It’s a talent in itself that James Horan can come across as offended even in triumph.
After beating Armagh, he bristled at suggestions in the local Mayo media that training the weeks of games was too intense and leading to injury.
On the occasion of this latest victory, a query about finishing three points ahead of Galway when they had been eight up on a few occasions, was met with similar derision.
“We only won by three so I’m more than happy with that,” he said, tongue-in-cheek. “The (Shane Walsh) goal from the free was crazy so that would make it six points.”
With Kerry now on their radar, Horan felt he had a further claim for insult when remarks made by former Kerry manager Éamonn Fitzmaurice and Armagh’s Kieran McGeeney about the number of head injuries sustained by Mayo was put to him. Fitzmaurice in this newspaper wrote last month of Mayo’s “cynical exploitation” of the rule when they’re ahead in games — the referee must stop play for such incidents. In highlighting how so little additional time was played in Castlebar nine days ago, McGeeney questioned the “10 or 11 head injuries” Mayo had.
“I’ve no idea what he’s (McGeeney) talking about. You saw that game out there. You tell me what you thought from a cynical point of view or who was doing what. We finished with all our players (Galway ended the game with 12). We just try to build a game as hard and as fair as we can so commentary on a game when you lose is kind of tough.”
Horan was also asked if his claim after beating Kerry by four points in the Division 1 final that Mayo could have won by “10 or 12” will be mentioned in their next opponents’ dressing room.
Fitzmaurice too had highlighted the comment as a “clunky and careless comment at best” but the Mayo manager played it down.
“I’m sure Kerry really don’t care what I say, to be honest. I just thought that on the day we created a lot of goal chances that we didn’t take. We took our first two but missed our next three. That was my initial reaction. I try and be as straight as I can. I don’t think Kerry will give two hoots about what I say.”
Watching on from the Mackey Stand amid the 19,183 crowd, Peter Keane and Tommy Griffin will have been more taken with how comfortable Mayo looked for so long in this game only to be reeled back to three points by the 61st minute.
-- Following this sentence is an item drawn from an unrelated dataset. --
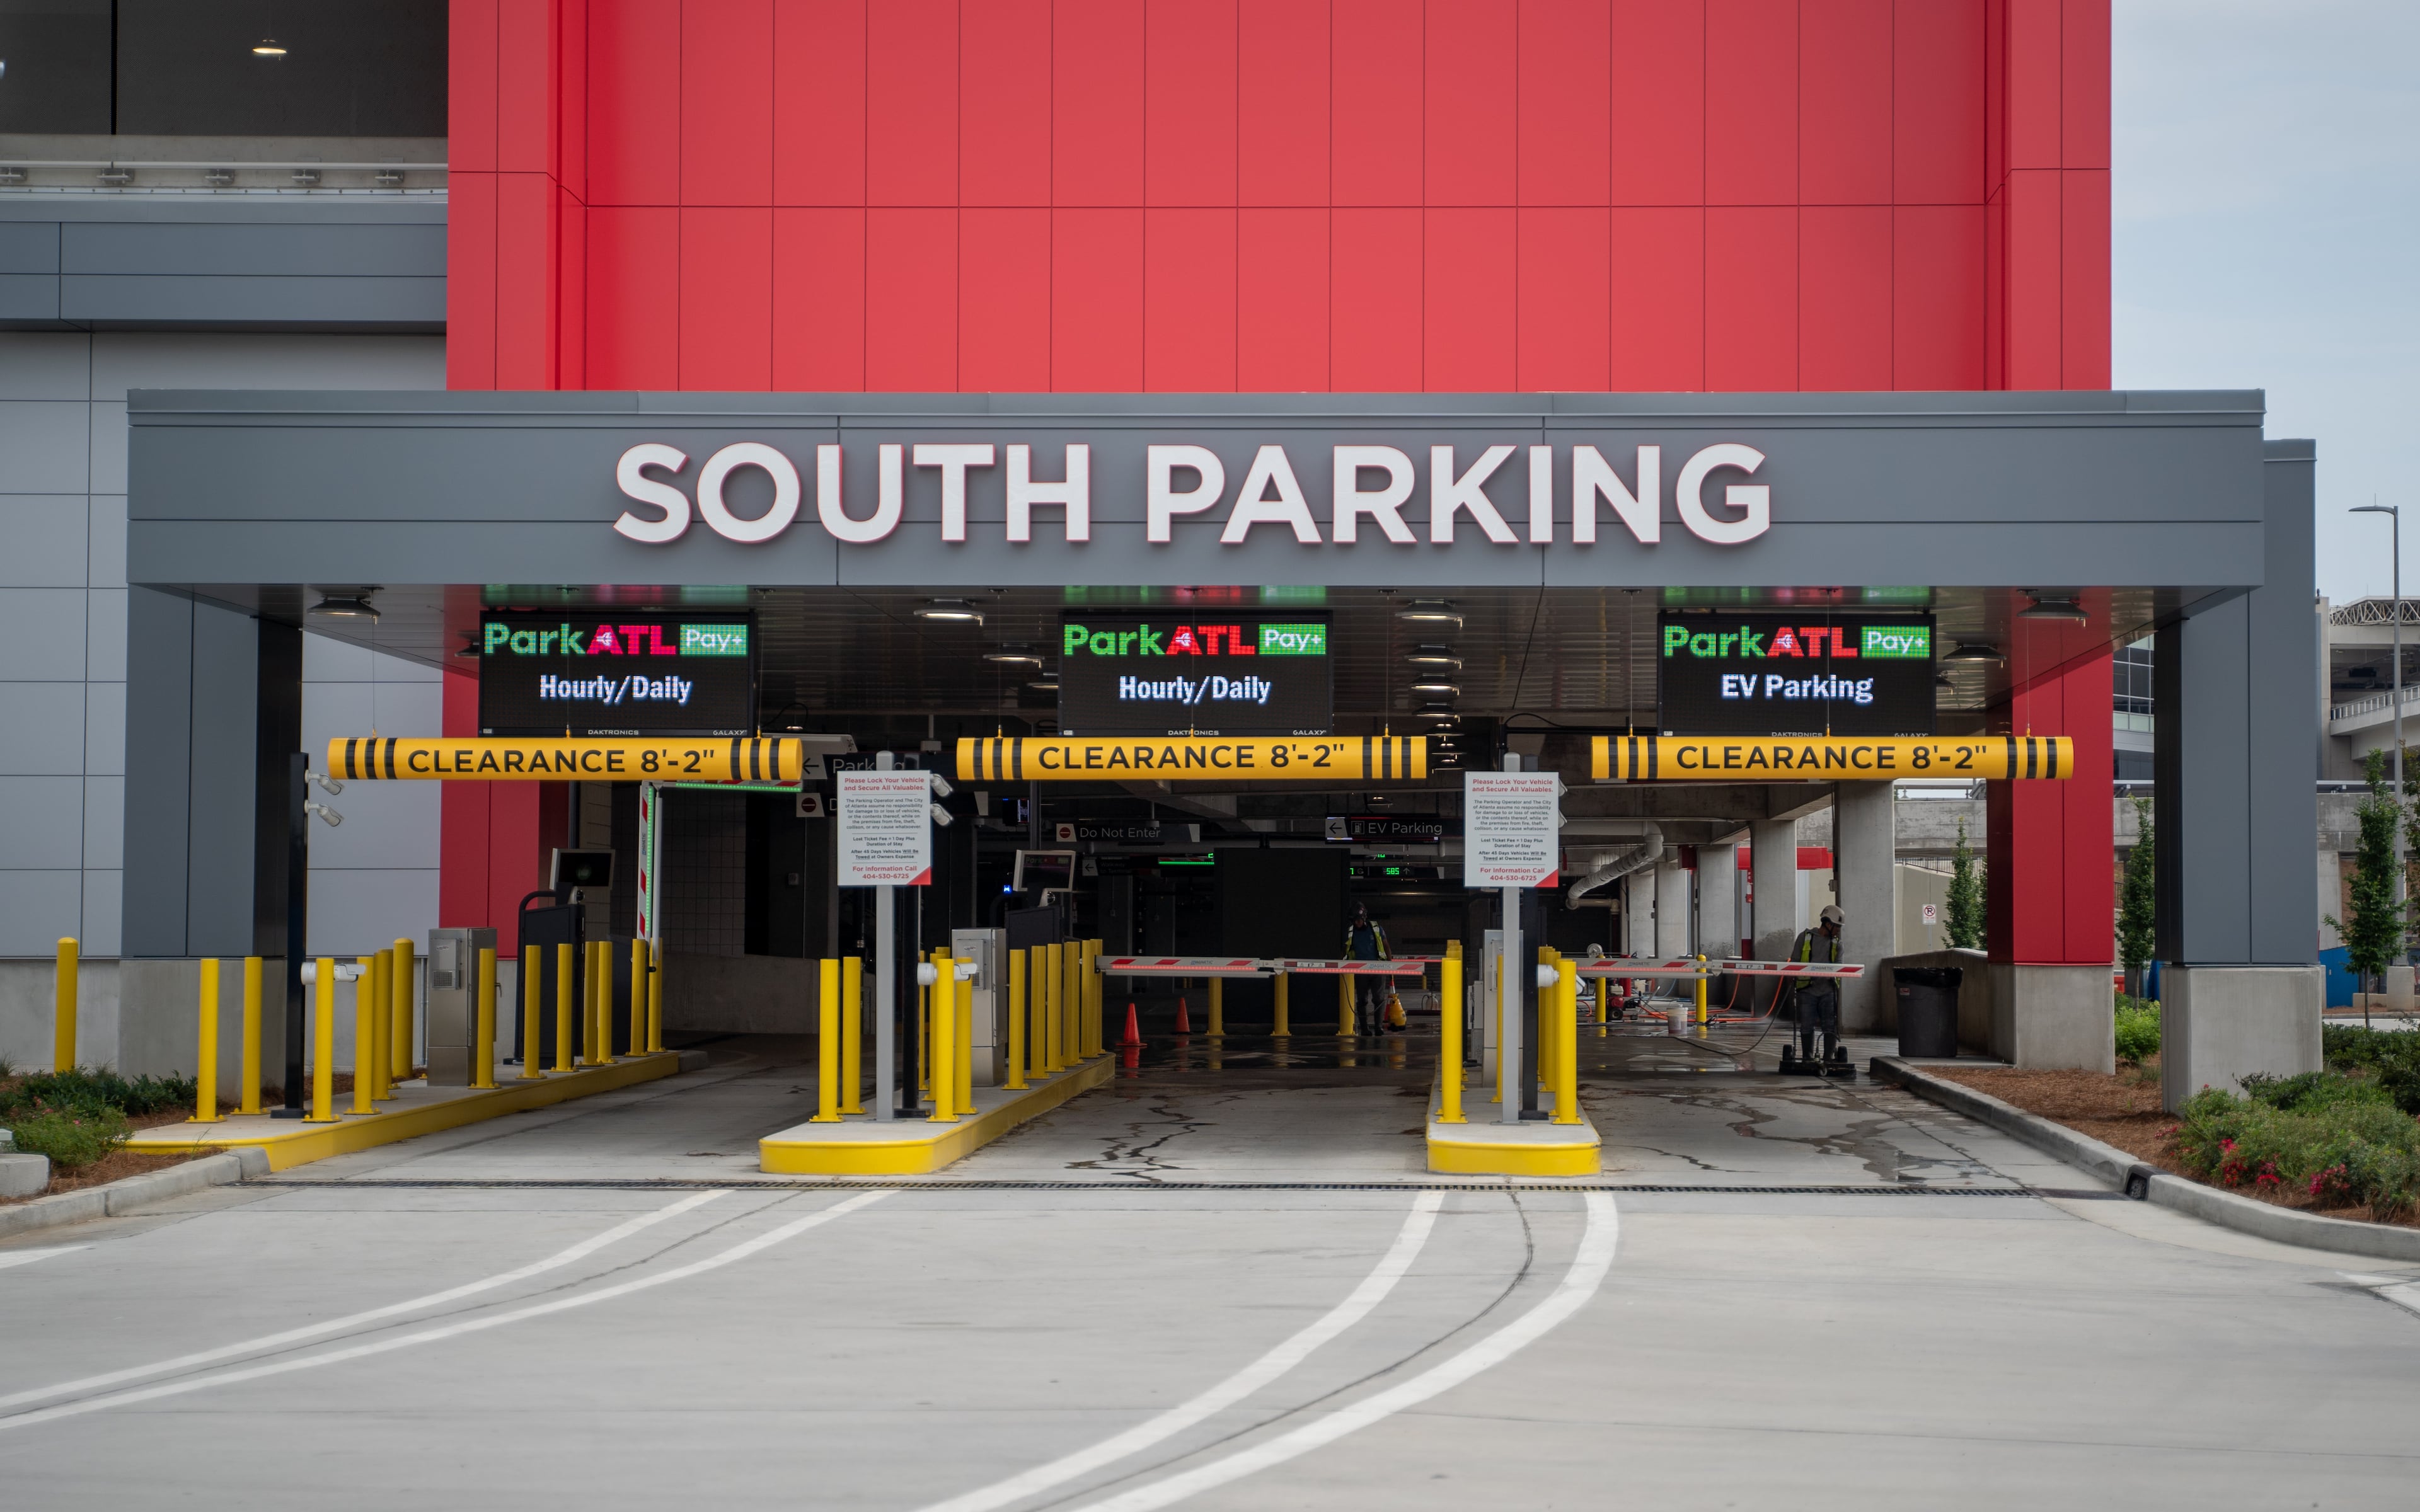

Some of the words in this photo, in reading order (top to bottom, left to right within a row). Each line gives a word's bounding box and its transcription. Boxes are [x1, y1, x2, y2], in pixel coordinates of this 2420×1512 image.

Mayo might have had been in more of a pickle had David Clarke not stopped Liam Silke’s 54th-minute penalty after Chris Barrett impeded Ian Burke.
From the get-go, Mayo were ahead and dominant, both of James Carr’s goals inside the opening 10 minutes coming courtesy of Galway’s indecisiveness.
The second, to be fair to Carr, was a beautifully-taken goal but Silke was made to look ordinary by his solo just like his Corofin team-mate Bernard Power was when he deflected a Darren Coen shot attempt into Carr’s path for the opening goal.
Although Galway went behind by eight points for the first time in the 25th minute, Peter Cooke’s long-range shooting was strong and they trailed 2-7 to 0-7 at the break.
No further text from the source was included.